FFRF opposes reckless rule at HHS

The Freedom From Religion Foundation is strenuously opposing a proposed theocratic rule at the Department of Health and Human Services that will jeopardize health care.

The rule purports to enhance protections for religious-based objections by health care workers in their provision of health care. In a letter sent to the department, FFRF charges that the rule seeks to solve a problem that does not exist. Health care workers already have sufficient legal protections against being forced to perform medical procedures that violate their conscience, so long as patients are given notice and have adequate access to the care they seek.

The proposed rule provides concerningly broad definitions for which practitioners and what activities would be protected. For instance, the term “Healthcare Program or Activity” includes any “service related to health or wellness whether directly, through payments, grants, contracts, or other instruments, through insurance, or otherwise.”

Ironically, the newly created Conscience and Religious Freedom Division of the Office for Civil Rights would ensure that certain civil rights violations can be carried out with impunity, so long as the violator cites a religious justification. This needlessly jeopardizes the medical needs of vulnerable patients, particularly women and LGBTQ individuals, whose rights the Office for Civil Rights is obligated to also protect. In fact, this proposed rule goes even further with its alarmingly broad language. It uses the guise of “religious freedom” to deny civil liberties and impose religious beliefs on others.

“The list of workers the division will ‘protect’ is theoretically endless: the anesthesiologist who thinks that an abortion to save the life of the pregnant woman shouldn’t be performed or an ambulance driver with the same objection; the pharmacist opposed to birth control who won’t process prescriptions or even refer to another pharmacist on site; the ER staffer who refuses rape victims the morning-after-pill; the nurse who doesn’t want to run an IV line for a transgendered patient; the physician who refuses to treat a Muslim patient; or a medical worker to won’t adhere to a patient’s end-of-life directives,” write FFRF Co-Presidents Dan Barker and Annie Laurie Gaylor. “These are legitimate civil rights concerns for the patients involved, not the medical workers.”
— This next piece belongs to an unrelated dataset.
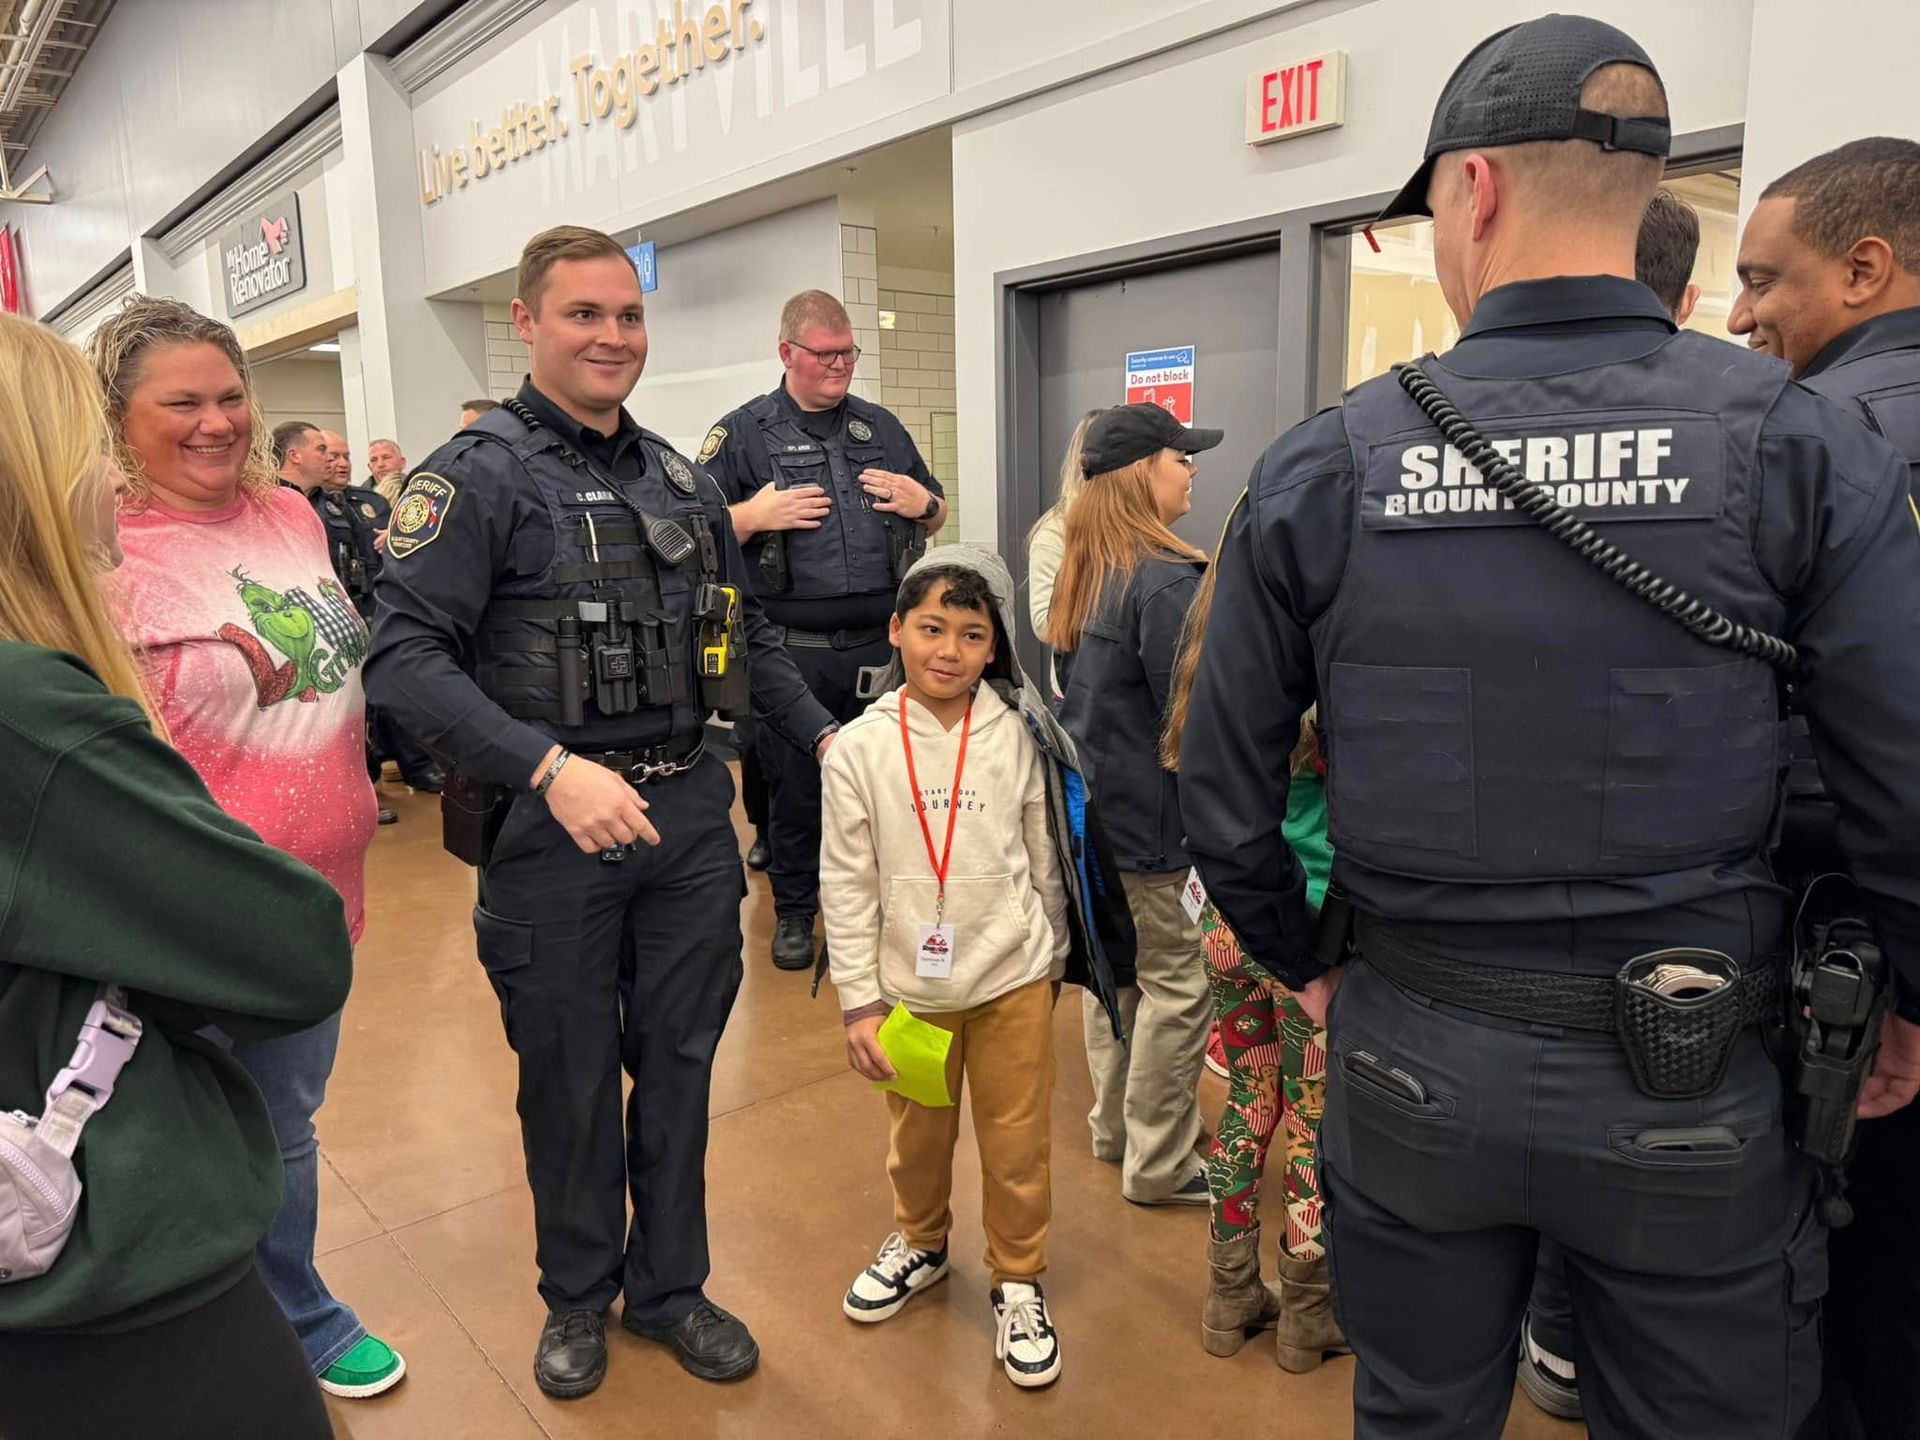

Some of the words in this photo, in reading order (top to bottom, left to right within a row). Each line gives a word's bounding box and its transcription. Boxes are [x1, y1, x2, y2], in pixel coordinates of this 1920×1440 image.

Health care providers’ religious objections can be handled without sacrificing the availability of quality care to patients in need. The existing state of the law already favors religious objections to a fault, since access to abortions and other medically necessary care is often lacking. The proposed rule exacerbates this problem by emboldening health care providers to deny care based on their religious beliefs.

The Freedom From Religion Foundation is a national nonprofit association with more than 32,000 members nationwide. FFRF’s purposes are to protect the constitutional principle of separation between state and church, and to educate the public about issues relating to nontheism. Since 1978, FFRF has been on the forefront of combatting policies that promote discrimination under the guise of protecting religious freedom.